Principles of diagnosis and treatment in cholangiocarcinoma

Abstract

Background. Cholangiocarcinoma (CCA) is an aggressive biliary tract malignancy with a high incidence globally, accounting for 15% of all liver cancers. CCA is a clinically silent disease, that manifests itself in advanced stages. Mortality rises to 20%. Objective of the study. Analysis and evaluation of the efficacy and limitations of current diagnostic modalities and therapeutic approaches for CCA. Material and methods.

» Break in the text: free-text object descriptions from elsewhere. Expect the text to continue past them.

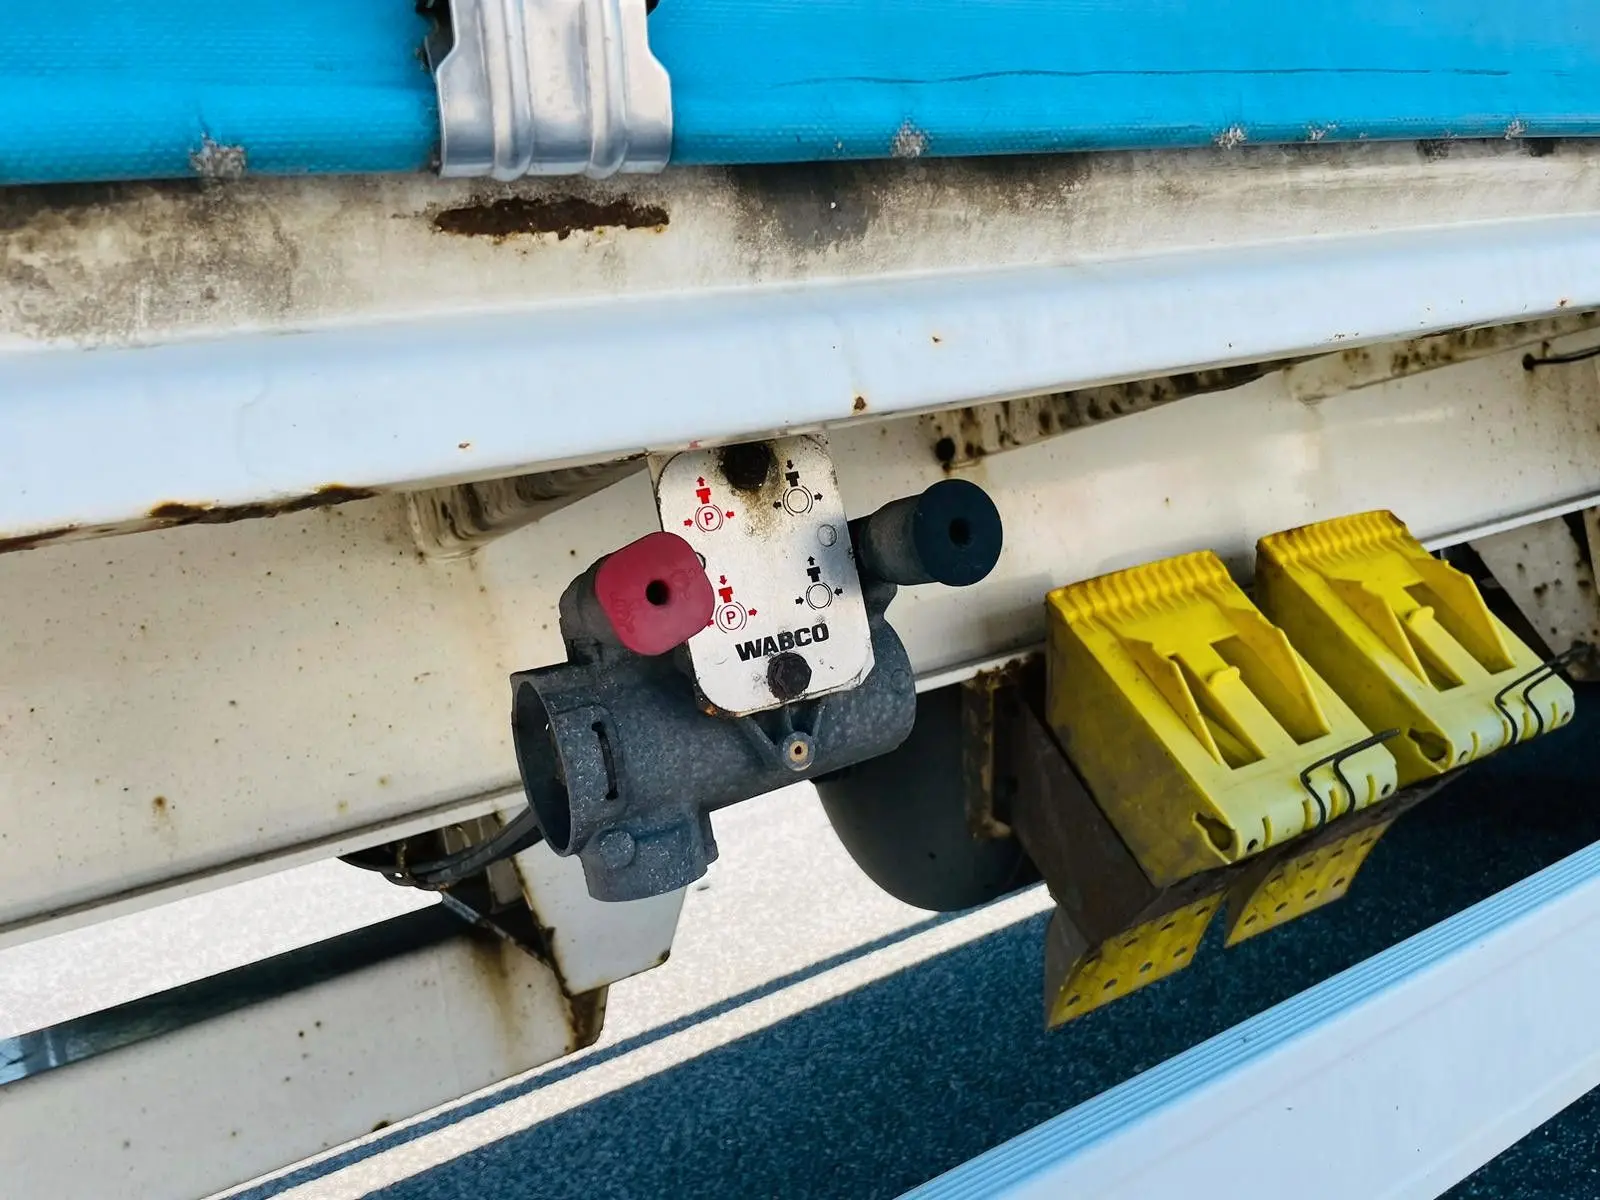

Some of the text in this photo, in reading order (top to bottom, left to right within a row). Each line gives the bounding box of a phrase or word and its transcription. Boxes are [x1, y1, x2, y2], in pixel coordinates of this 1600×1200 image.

[704, 512, 714, 525] P
[726, 611, 736, 624] P
[735, 623, 829, 662] WABCO
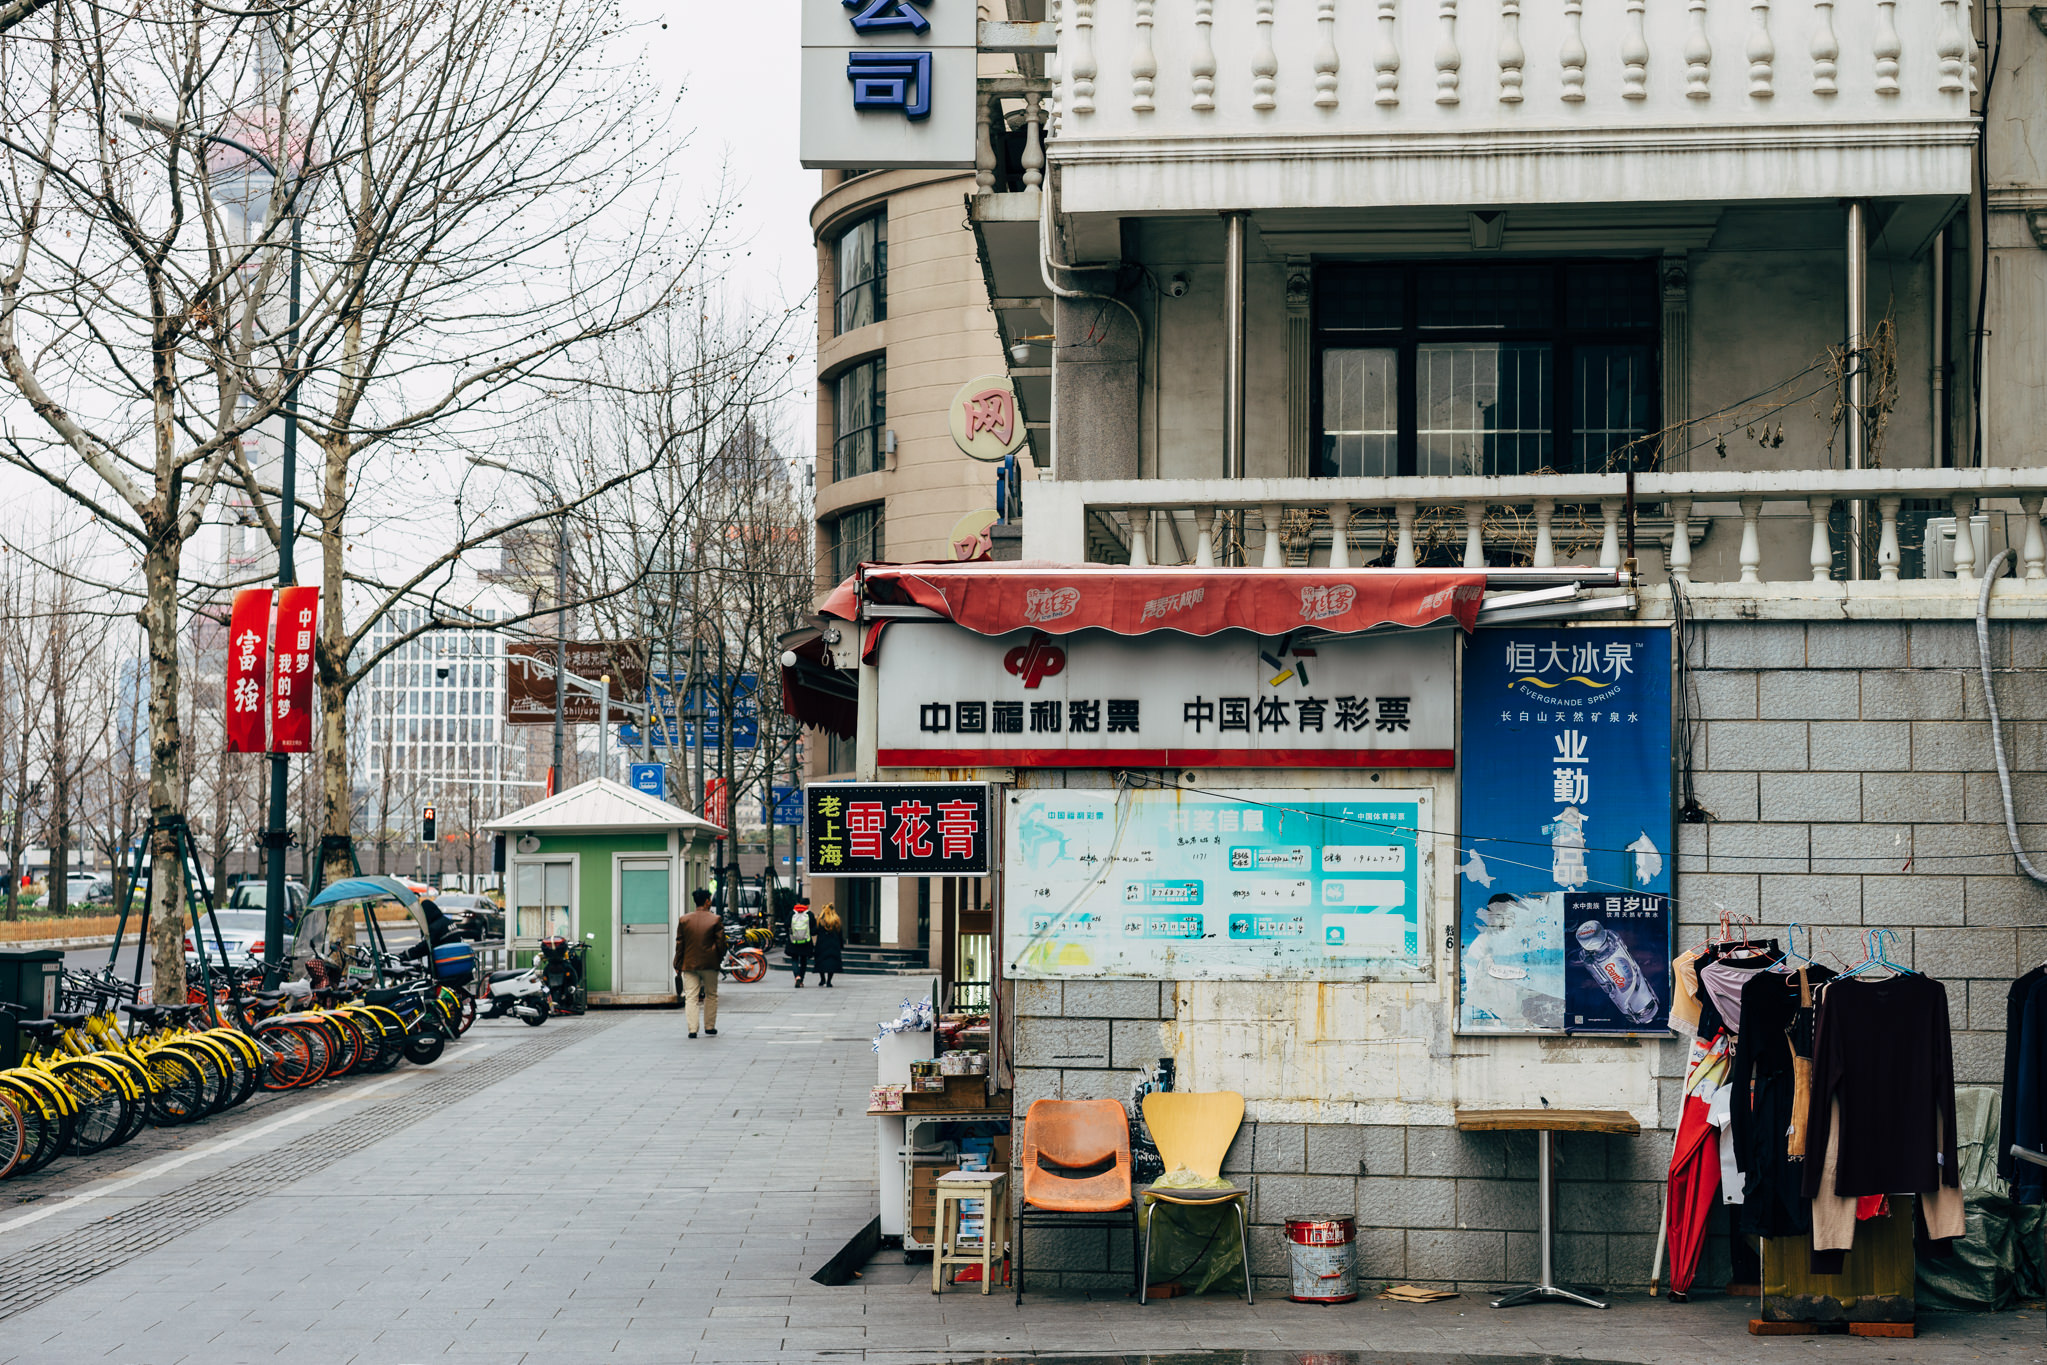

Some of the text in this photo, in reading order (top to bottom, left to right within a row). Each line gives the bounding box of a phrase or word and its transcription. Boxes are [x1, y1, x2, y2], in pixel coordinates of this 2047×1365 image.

[296, 608, 312, 673] 中国梦
[1506, 640, 1634, 681] 恒大冰泉
[278, 653, 292, 719] 我的梦
[1519, 684, 1621, 706] EVERGRANDE SPRING
[920, 700, 1140, 734] 中国福利彩票
[1183, 695, 1411, 733] 中国体育彩票
[1501, 710, 1639, 723] 长白山天然矿泉水
[818, 795, 843, 866] 老上海
[846, 799, 978, 860] 雪花膏
[1048, 811, 1104, 820] 中国福利彩票
[1168, 809, 1264, 832] 开奖信息
[1357, 812, 1405, 821] 中国体育彩票
[1572, 896, 1659, 912] 水中贵族 百岁山

This study is a review of 32 literature sources about CCA, found in the PubMed, Medline, Google Scholar and clinical guidelines with a focus on evaluating imaging techniques, tumor markers, biopsy methods, systemic, targeted and surgical treatment. Results. Risk factors for CCA - cirrhosis, sclerosing cholangitis, and trematode infection. Diagnosis is based on clinical symptoms, laboratory and paraclinical investigation. Tumor biomarkers- CA 19-9, CEA and α-fetoprotein are > in CCA. Best methods of investigation are CT- identify and evaluate locoregional or metastatic disease, MRCP- provides the best noninvasive imaging of CBD, EUS visualizes the portal structures, lymph nodes and guided biopsies with a higher sensitivity. The overall prognosis for CCA is poor. A multidisciplinary team must be involved in the patient’s care from the time of diagnosis. Only 1/4 of patients have resectable tumors. Treatment strategies differ among CCA locations: hepaticojejunostomy in upper CBD tumor, Whipple surgery in tumor of distal CBD, liver transplantation being an option for highly selected patients with hilar CCA or intrahepatic CCA. In unresectable disease is used systemic and targeted therapies. Conclusion. Early detection is crucial due to poor survival rates. Initial diagnosis typically involves imaging along with elevated CA19-9 levels, while a confirmatory biopsy. Treatment primarily depends on the resectability of the CCA. Liver transplantation is the option that decreased poor prognoses for CCA.